*Task requirements:*
Skip the images. Copy the records exactly as written.

::::::

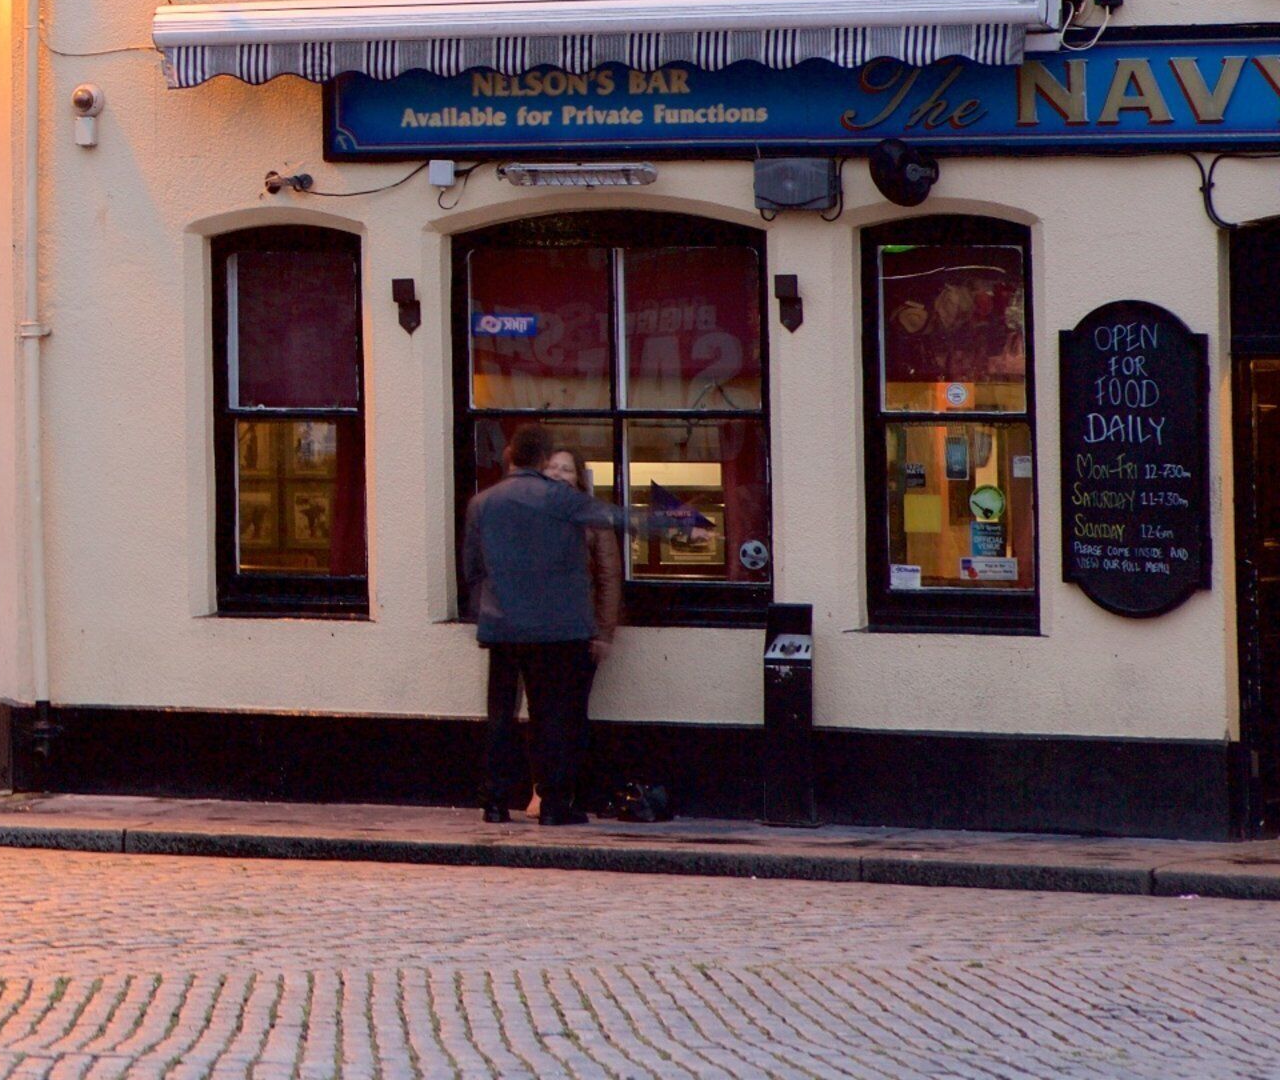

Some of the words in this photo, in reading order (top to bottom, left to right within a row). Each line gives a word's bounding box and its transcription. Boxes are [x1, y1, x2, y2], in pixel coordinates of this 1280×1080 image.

[472, 70, 614, 97] NELSON'S
[629, 68, 690, 95] BAR
[401, 106, 506, 128] Available
[517, 105, 552, 126] for
[562, 104, 643, 126] Private
[654, 102, 768, 123] Functions
[1094, 323, 1158, 352] OPEN
[1108, 355, 1148, 377] FOR
[1095, 375, 1160, 409] FOOD
[1083, 412, 1165, 446] DAILY

::::::

*Exercise response:*
Some of the words in this photo, in reading order (top to bottom, left to right within a row). Each line gives a word's bounding box and its transcription. Boxes are [x1, y1, x2, y2], in pixel coordinates of this 1280×1080 image.

[472, 70, 614, 97] NELSON'S
[629, 68, 690, 95] BAR
[401, 106, 506, 128] Available
[517, 105, 552, 126] for
[562, 104, 643, 126] Private
[654, 102, 768, 123] Functions
[1094, 323, 1158, 352] OPEN
[1108, 355, 1148, 377] FOR
[1095, 375, 1160, 409] FOOD
[1083, 412, 1165, 446] DAILY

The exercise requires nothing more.